Preston Spradlin

Current position
- Title: Head coach
- Team: James Madison
- Conference: Sun Belt
- Record: 38–27 (.585)

Biographical details
- Born: December 30, 1986 (age 39) Pikeville, Kentucky, U.S.

Playing career
- 2005–2009: Alice Lloyd College

Coaching career (HC unless noted)
- 2009–2011: Kentucky (GA)
- 2014–2016: Morehead State (asst.)
- 2016–2024: Morehead State
- 2024–present: James Madison

Administrative career (AD unless noted)
- 2011–2014: Kentucky (dir. of ops.)

Head coaching record
- Overall: 178–136 (.567)
- Tournaments: 0–2 (NCAA Division I) 1–1 (NIT)

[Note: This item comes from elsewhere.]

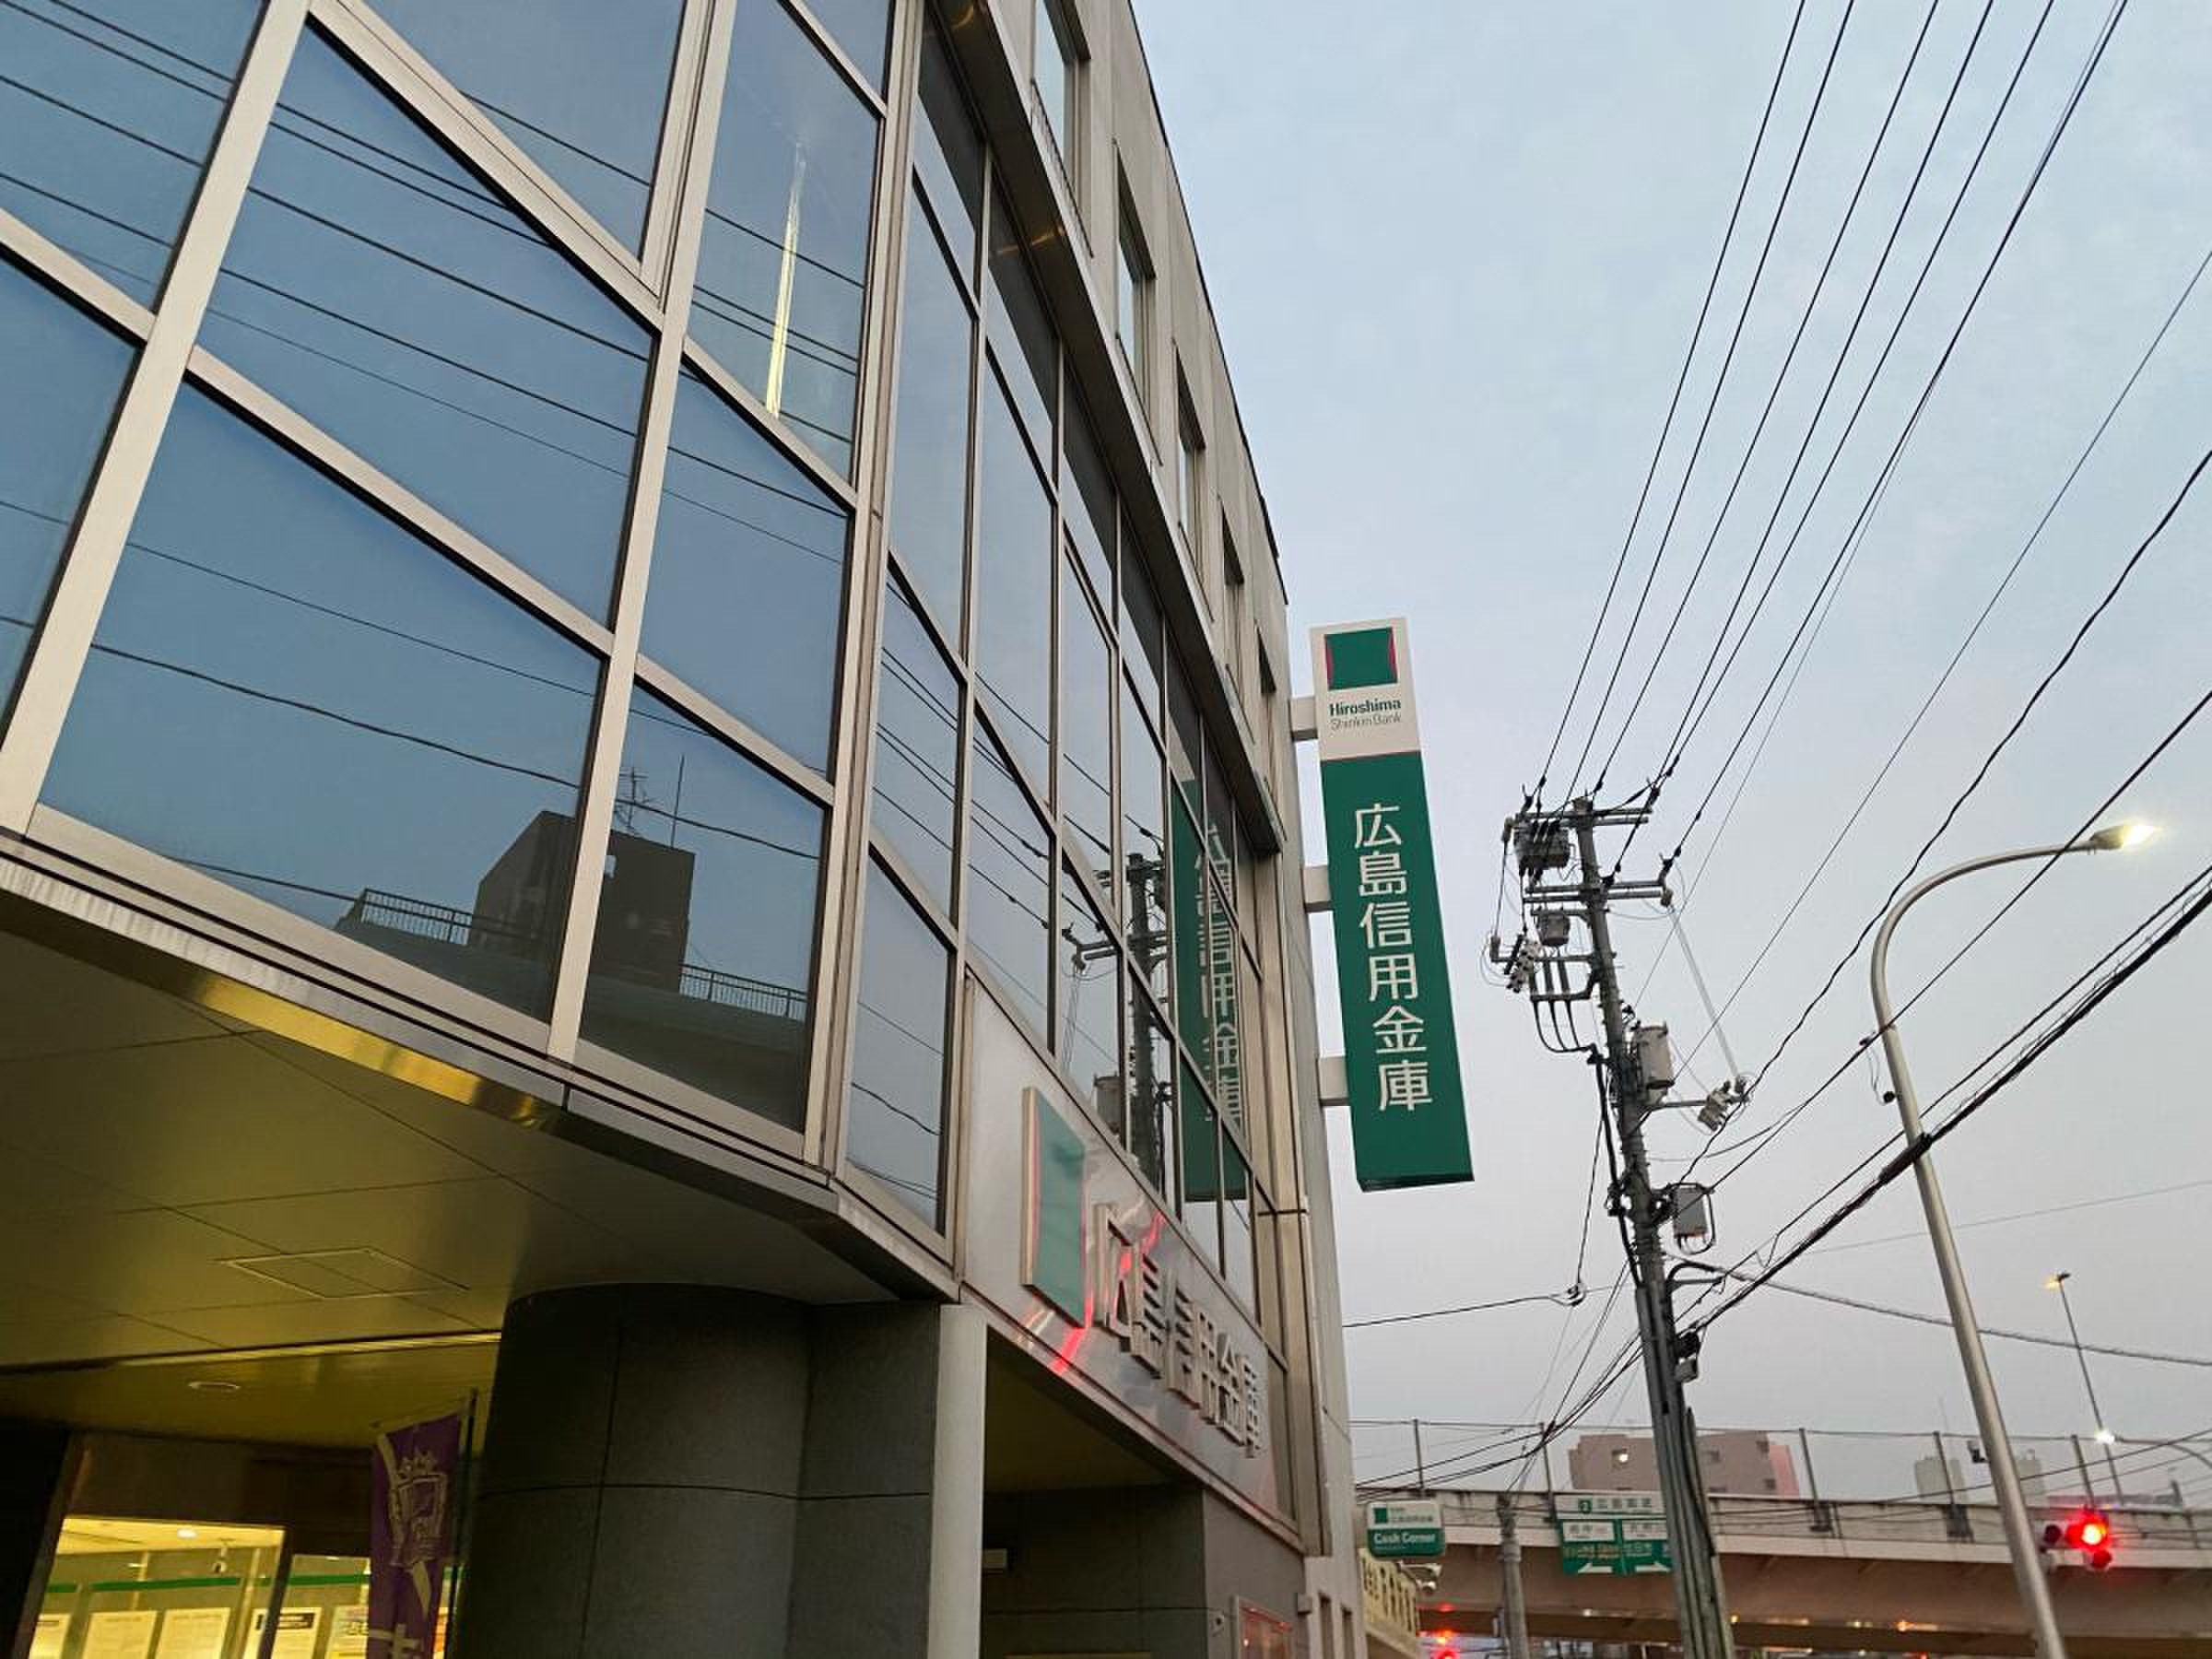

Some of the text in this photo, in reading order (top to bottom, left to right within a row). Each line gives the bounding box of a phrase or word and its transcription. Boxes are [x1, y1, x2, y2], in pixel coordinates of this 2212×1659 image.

[1329, 699, 1401, 716] Hiroshima
[1354, 803, 1433, 1112] 広島信用金庫
[1373, 1532, 1436, 1544] Cash Corner

Accomplishments and honors

Championships
- 2 OVC tournament (2021, 2024) 2 OVC regular season (2023, 2024) Sun Belt regular season (2025)

Awards
- 2× OVC Coach of the Year (2021, 2023)

= Preston Spradlin =

American college basketball coach

Preston Spradlin is an American college basketball coach who is currently the head coach at James Madison University. He previously served as the head coach at Morehead State University.

==Coaching career==
After a playing career at NAIA Alice Lloyd College, Spradlin joined John Calipari's staff at Kentucky as a graduate assistant from 2009 to 2011, and assistant director of basketball operations from 2011 to 2014. He also aided Calipari with the Dominican Republic national basketball team in 2011 and 2012.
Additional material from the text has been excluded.